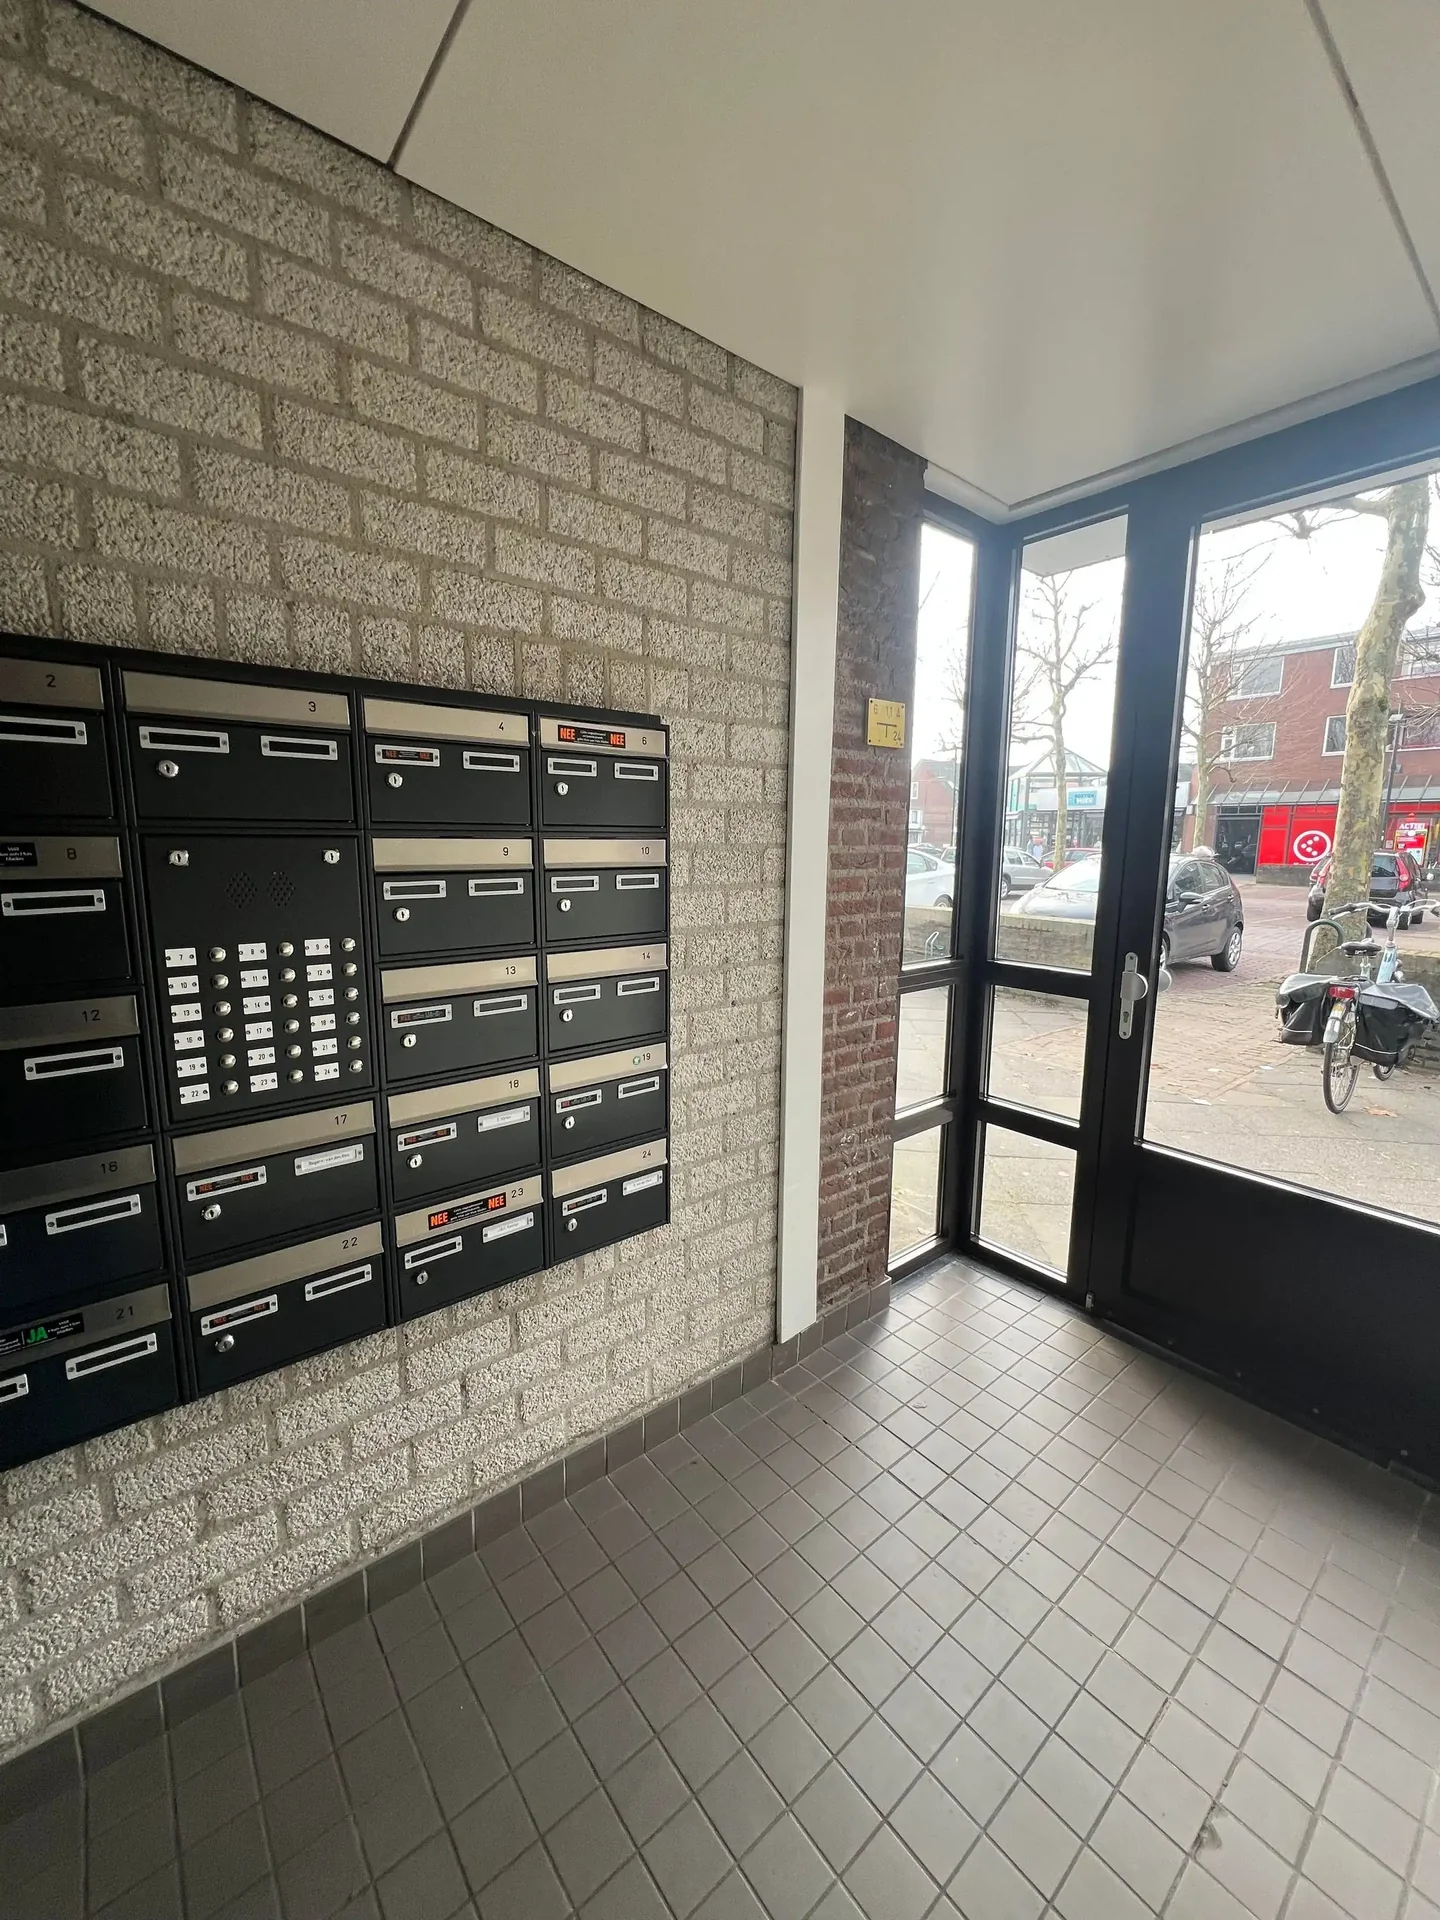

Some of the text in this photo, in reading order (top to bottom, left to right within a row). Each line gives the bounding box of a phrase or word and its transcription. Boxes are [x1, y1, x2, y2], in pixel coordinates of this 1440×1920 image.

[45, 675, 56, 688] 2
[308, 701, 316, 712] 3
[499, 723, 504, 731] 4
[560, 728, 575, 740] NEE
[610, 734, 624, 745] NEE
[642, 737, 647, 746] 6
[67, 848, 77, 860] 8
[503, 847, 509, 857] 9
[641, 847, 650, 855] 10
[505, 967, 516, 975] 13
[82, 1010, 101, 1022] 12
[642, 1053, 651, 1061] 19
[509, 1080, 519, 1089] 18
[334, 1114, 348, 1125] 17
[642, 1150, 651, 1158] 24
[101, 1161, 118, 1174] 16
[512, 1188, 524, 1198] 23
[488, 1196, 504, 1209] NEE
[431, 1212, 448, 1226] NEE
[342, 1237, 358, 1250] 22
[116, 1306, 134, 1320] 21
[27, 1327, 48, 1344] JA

PROBLEM TO SOLVE ▸ Apart from the pictures, every line above must be repeated exactly.

ANSWER BOX ▸
Some of the text in this photo, in reading order (top to bottom, left to right within a row). Each line gives the bounding box of a phrase or word and its transcription. Boxes are [x1, y1, x2, y2], in pixel coordinates of this 1440×1920 image.

[45, 675, 56, 688] 2
[308, 701, 316, 712] 3
[499, 723, 504, 731] 4
[560, 728, 575, 740] NEE
[610, 734, 624, 745] NEE
[642, 737, 647, 746] 6
[67, 848, 77, 860] 8
[503, 847, 509, 857] 9
[641, 847, 650, 855] 10
[505, 967, 516, 975] 13
[82, 1010, 101, 1022] 12
[642, 1053, 651, 1061] 19
[509, 1080, 519, 1089] 18
[334, 1114, 348, 1125] 17
[642, 1150, 651, 1158] 24
[101, 1161, 118, 1174] 16
[512, 1188, 524, 1198] 23
[488, 1196, 504, 1209] NEE
[431, 1212, 448, 1226] NEE
[342, 1237, 358, 1250] 22
[116, 1306, 134, 1320] 21
[27, 1327, 48, 1344] JA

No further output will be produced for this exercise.